I wouldn't advertise to the front desk that there will be 3 in the room. HGVC has a 2 person limit on studios. With the third person being a 2yo, I doubt they will complain, but if you don't give them the opportunity, it would probably be better.


----------



## feed the otter (Mar 3, 2014)

jestme said:


> HGVC has a 2 person limit on studios.



Oops!  I completely forgot about that.  Sorry for the misdirection.

Just to be careful, I'd even go so far as to have your wife and baby away from the front desk when you arrive so they have no reason to suspect three in a studio (made academic if you get a 1BR in the meantime).


----------



## linsj (Mar 3, 2014)

I was in a Lagoon studio last year on the side that overlooks the harbor and Ilikai hotel. It had a love seat/sofabed in addition to a king bed. I didn't feel claustrophobic at all, but there would be little floor space with it opened to a bed. It does sit in front of half the closet. 

Like others have said, don't let the size keep you from staying there if that's your only option.


----------



## alwysonvac (Mar 3, 2014)

Here are some Lagoon Tower studio photos from Tripadvisor

http://www.tugbbs.com/forums/showpost.php?p=1559598&postcount=32
http://www.tugbbs.com/forums/showpost.php?p=1559600&postcount=33


----------



## Ron98GT (Mar 4, 2014)

linsj said:


> I was in a Lagoon studio last year on the side that overlooks the harbor and Ilikai hotel. It had a love seat/sofabed in addition to a king bed. I didn't feel claustrophobic at all, but there would be little floor space with it opened to a bed. It does sit in front of half the closet.
> 
> Like others have said, don't let the size keep you from staying there if that's your only option.

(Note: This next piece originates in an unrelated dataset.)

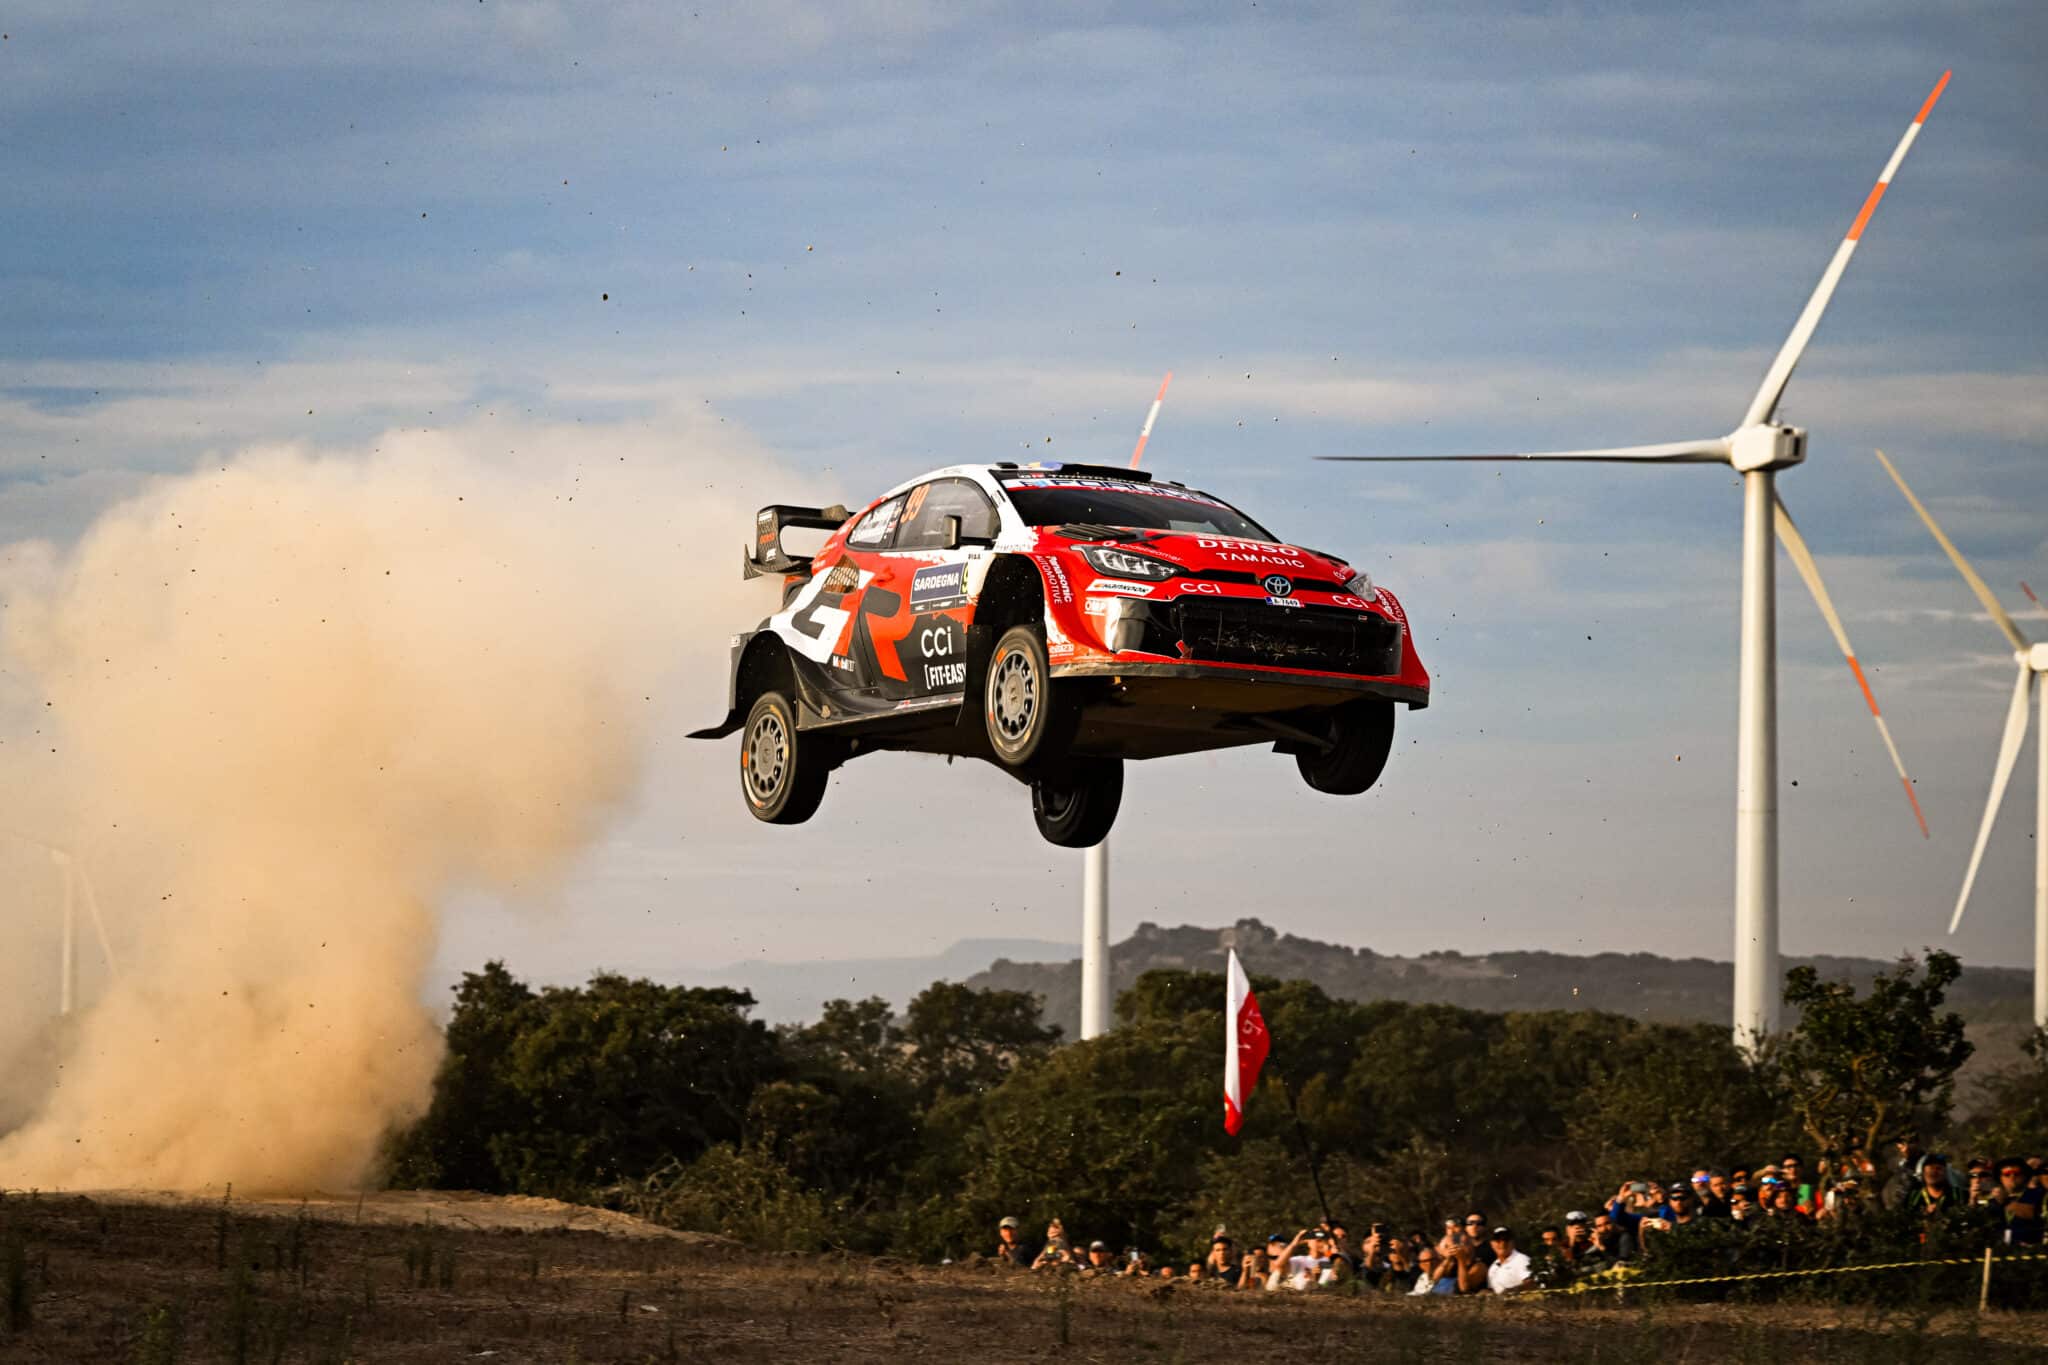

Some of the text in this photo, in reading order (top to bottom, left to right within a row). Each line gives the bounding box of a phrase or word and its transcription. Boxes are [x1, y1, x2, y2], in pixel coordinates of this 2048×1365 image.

Was it next to the elevator? After hearing everybody say how roomy their studio was (NOT), and how they had sofas (NOT), and a king size bed (NOT), I'm wondering if it was because the room/studio was next to the elevator and the elevator took up 25% of the room? 

When you entered my DW's son's room there was a wall on the right and the entrance/door to the bathroom on the left.  After walking thru the hallway (bathroom on left and elevator on right), you entered the studio.  On the left side was a door to the 1-BR (32" or 36"), to the right of the door was a small nite stand (1 ft), to the right a queen/STD size bed (say 4 ft), to the right another small nite stand (1 ft), and then the wall (no extra space).  In front of the bed was a big chair with not a lot of room to squeeze thru, which was in front of a closet (single door) and blocking the door.  To the right of the closet was the TV. And to the right of the TV was the kitchenette. To the right of the kitchenette was the elevator wall.  That's it, that was the room. No sofa. No desk. No drawers or dressers. Nothing. And you can see why I said that the room was about 10' x 10'.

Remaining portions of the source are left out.